#### MATERIAL FOR THIS EXERCISE
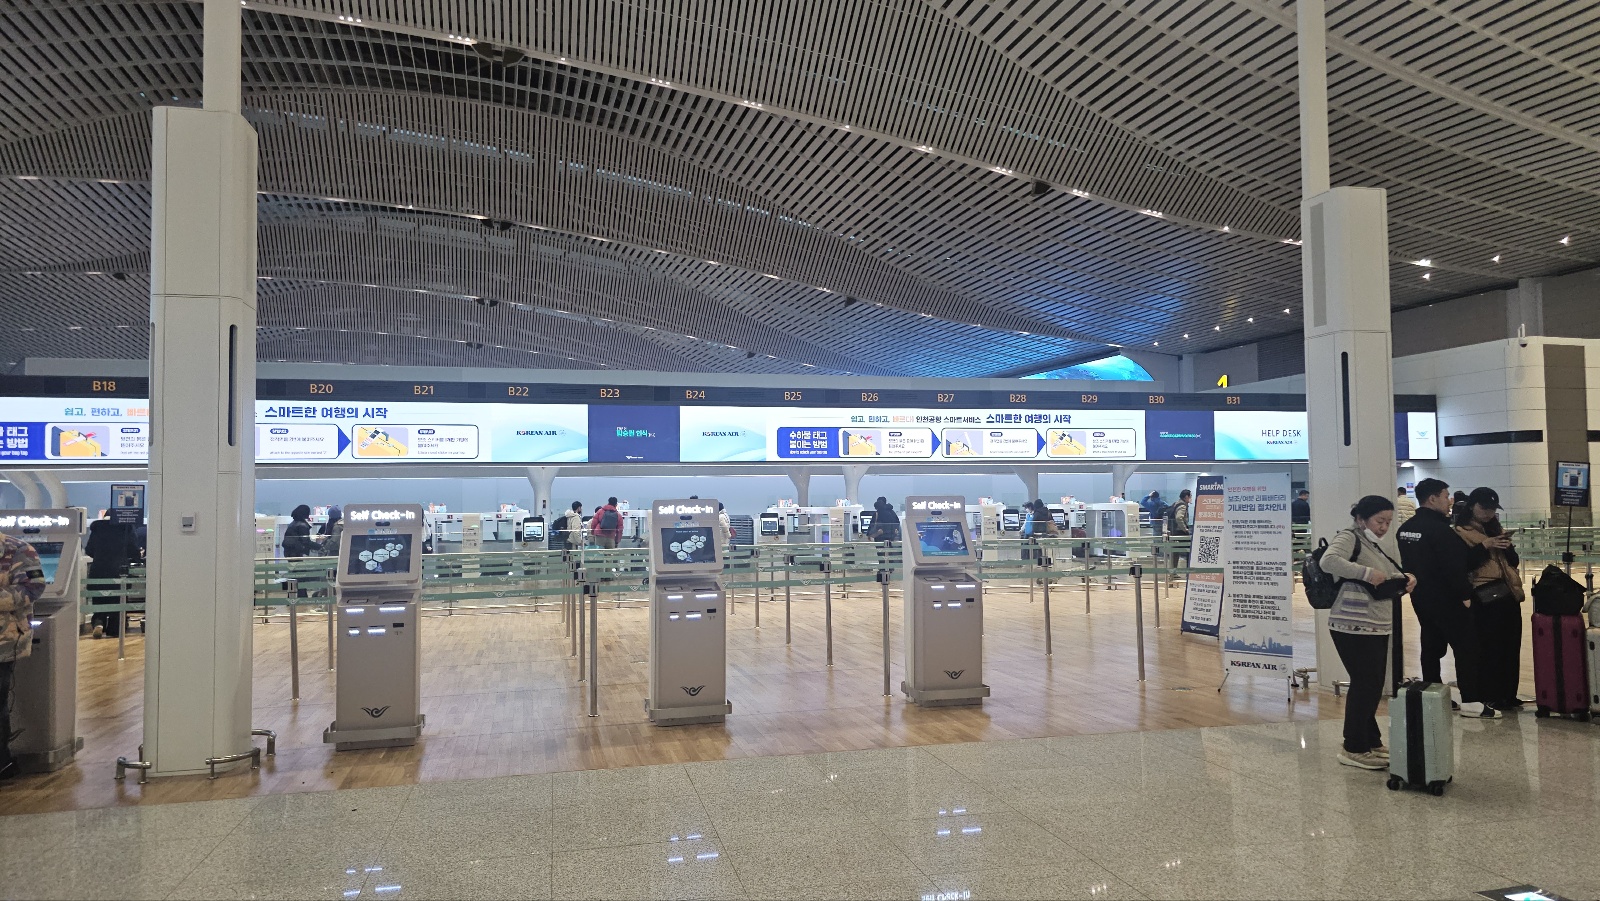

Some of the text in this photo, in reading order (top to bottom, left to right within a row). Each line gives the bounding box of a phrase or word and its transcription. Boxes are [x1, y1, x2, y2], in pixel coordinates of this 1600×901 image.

[92, 381, 116, 391] B18
[310, 384, 333, 394] B20
[414, 385, 434, 395] B21
[508, 386, 529, 396] B22
[600, 388, 620, 398] B23
[686, 390, 705, 399] B24
[784, 391, 802, 400] B25
[861, 393, 878, 402] B26
[937, 394, 954, 403] B27
[1010, 394, 1026, 403] B28
[1081, 395, 1098, 403] B29
[1149, 396, 1164, 404] B30
[1226, 396, 1241, 405] B31
[265, 406, 388, 418] 스마트한 여행의 시작
[986, 414, 1022, 424] 스마트한
[1024, 414, 1051, 424] 여행의
[1054, 414, 1072, 424] 시작
[7, 426, 28, 436] 태그
[812, 430, 828, 440] 태그
[7, 438, 28, 448] 방법
[658, 505, 675, 514] Self
[912, 501, 926, 510] Self
[1228, 503, 1286, 512] 기내반입 절차안내
[350, 510, 370, 520] Self
[0, 516, 16, 527] elf
[1230, 660, 1277, 670] KOREAN AIR
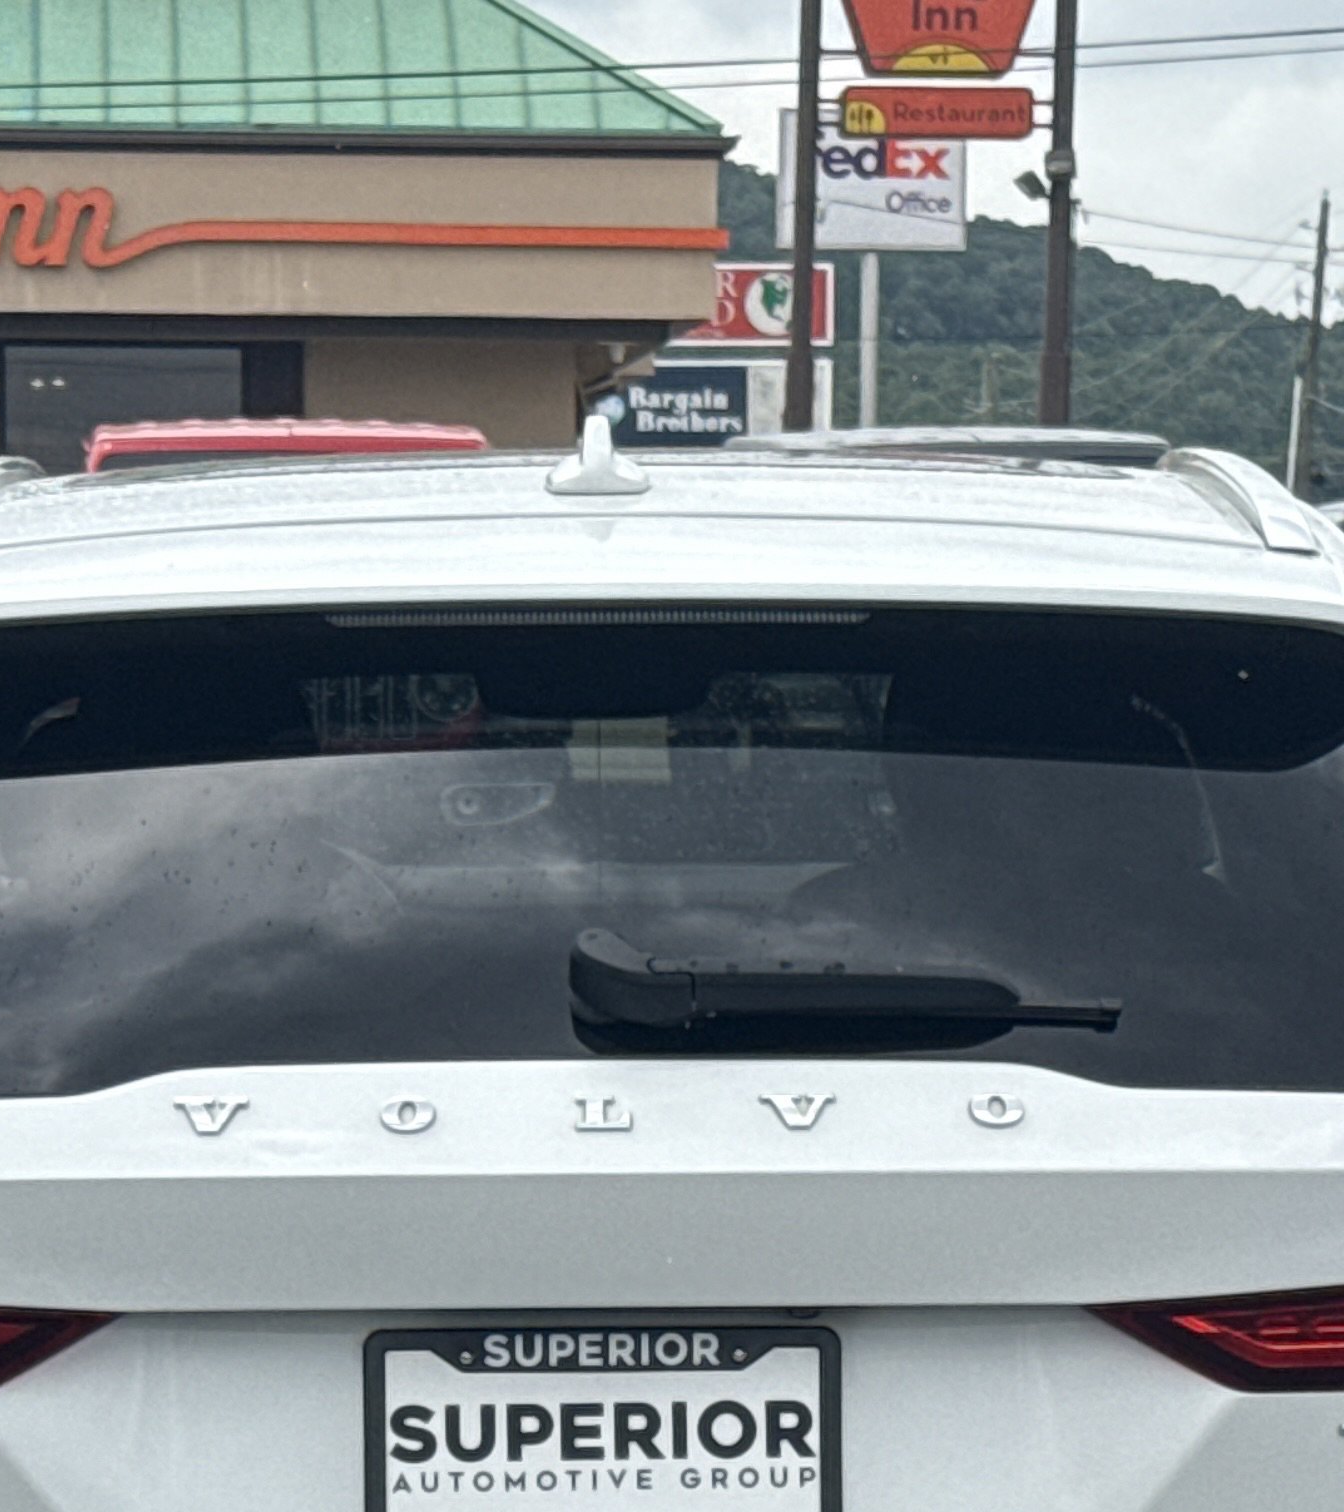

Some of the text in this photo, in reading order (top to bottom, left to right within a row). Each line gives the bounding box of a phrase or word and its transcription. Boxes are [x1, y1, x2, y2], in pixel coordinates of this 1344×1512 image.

[912, 0, 978, 31] Inn
[894, 102, 1026, 122] Restaurant
[817, 129, 951, 180] edEx
[886, 191, 953, 214] Office
[628, 386, 729, 415] Bargain
[637, 410, 743, 432] Brothers
[173, 1093, 1024, 1137] VOLVO
[483, 1331, 721, 1367] SUPERIOR
[389, 1400, 816, 1463] SUPERIOR
[392, 1466, 817, 1495] AUTOMOTIVE GROUP
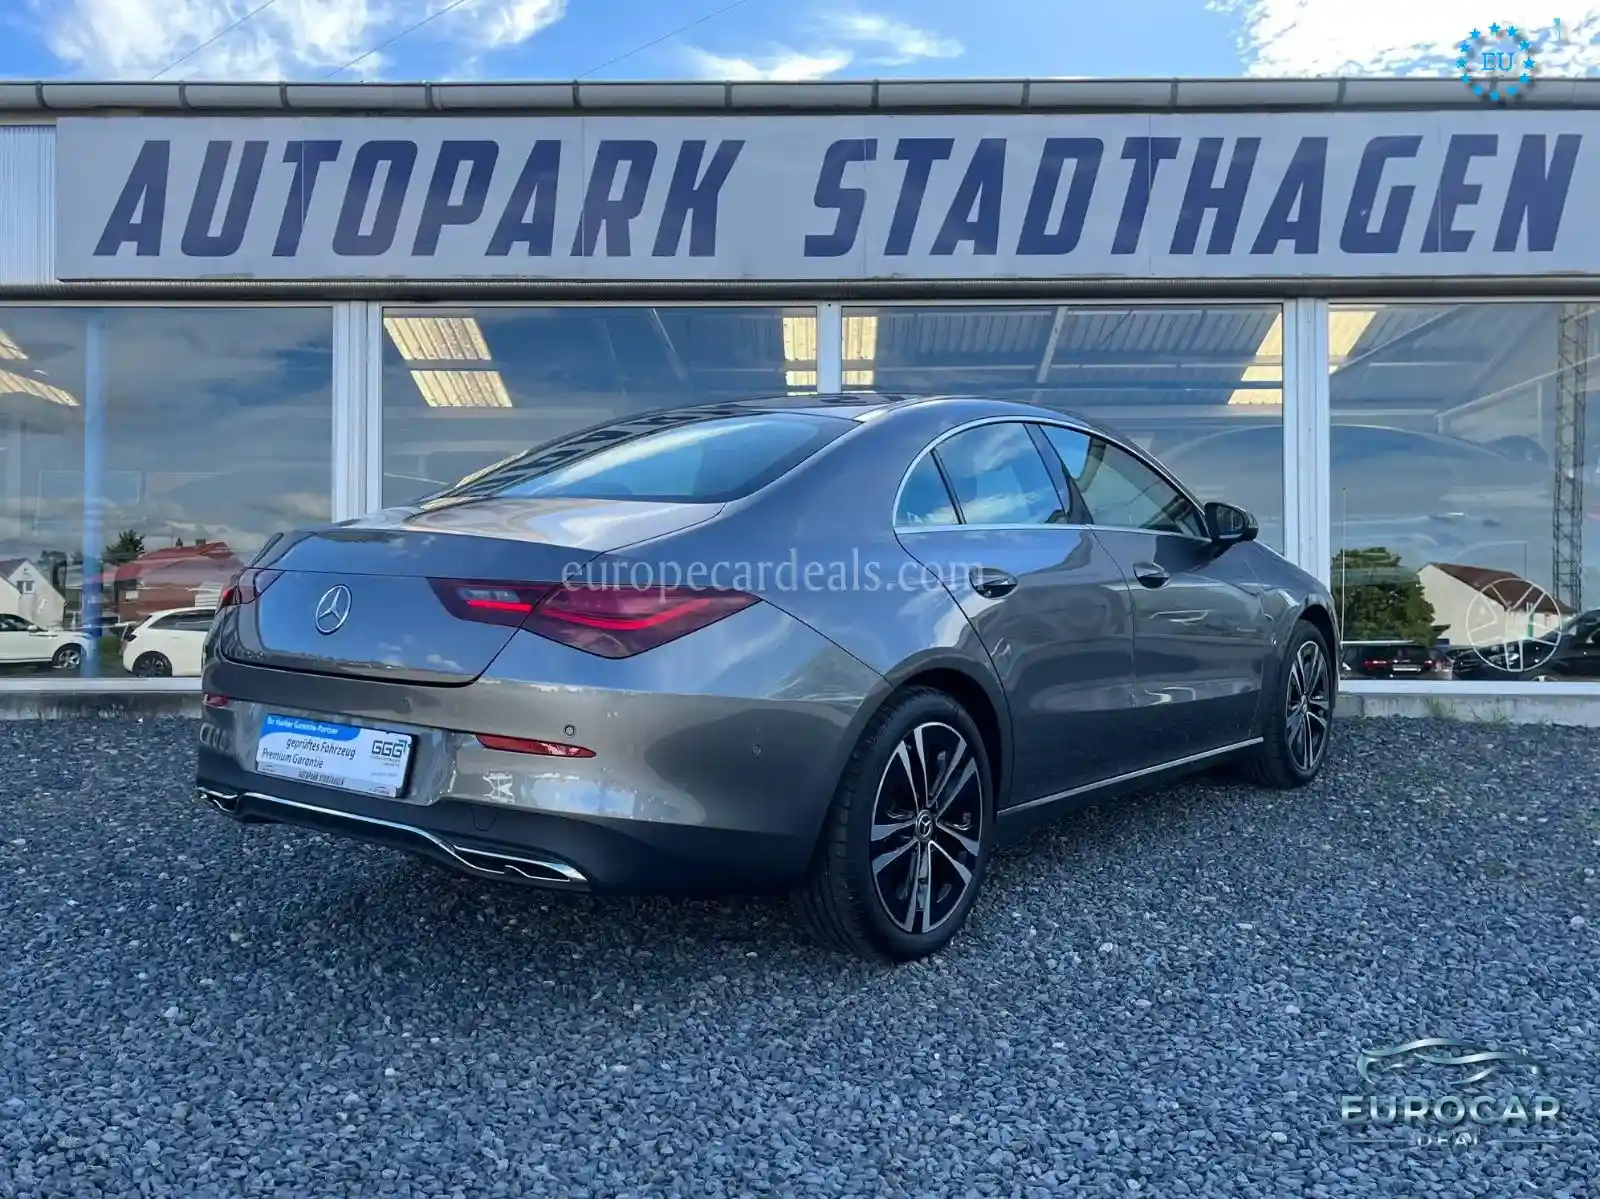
########
WHAT NEEDS TO BE DONE
What you return should be the entries from above, unchanged and without their images.

EXERCISE RESPONSE
Some of the text in this photo, in reading order (top to bottom, left to right within a row). Each line gives the bounding box of a phrase or word and its transcription. Boxes are [x1, y1, x2, y2], in pixel coordinates of this 1600×901 image.

[92, 381, 116, 391] B18
[310, 384, 333, 394] B20
[414, 385, 434, 395] B21
[508, 386, 529, 396] B22
[600, 388, 620, 398] B23
[686, 390, 705, 399] B24
[784, 391, 802, 400] B25
[861, 393, 878, 402] B26
[937, 394, 954, 403] B27
[1010, 394, 1026, 403] B28
[1081, 395, 1098, 403] B29
[1149, 396, 1164, 404] B30
[1226, 396, 1241, 405] B31
[265, 406, 388, 418] 스마트한 여행의 시작
[986, 414, 1022, 424] 스마트한
[1024, 414, 1051, 424] 여행의
[1054, 414, 1072, 424] 시작
[7, 426, 28, 436] 태그
[812, 430, 828, 440] 태그
[7, 438, 28, 448] 방법
[658, 505, 675, 514] Self
[912, 501, 926, 510] Self
[1228, 503, 1286, 512] 기내반입 절차안내
[350, 510, 370, 520] Self
[0, 516, 16, 527] elf
[1230, 660, 1277, 670] KOREAN AIR

Some of the text in this photo, in reading order (top to bottom, left to right within a row). Each line gives the bounding box of a phrase or word and its transcription. Boxes are [x1, y1, x2, y2], in pixel coordinates of this 1344×1512 image.

[912, 0, 978, 31] Inn
[894, 102, 1026, 122] Restaurant
[817, 129, 951, 180] edEx
[886, 191, 953, 214] Office
[628, 386, 729, 415] Bargain
[637, 410, 743, 432] Brothers
[173, 1093, 1024, 1137] VOLVO
[483, 1331, 721, 1367] SUPERIOR
[389, 1400, 816, 1463] SUPERIOR
[392, 1466, 817, 1495] AUTOMOTIVE GROUP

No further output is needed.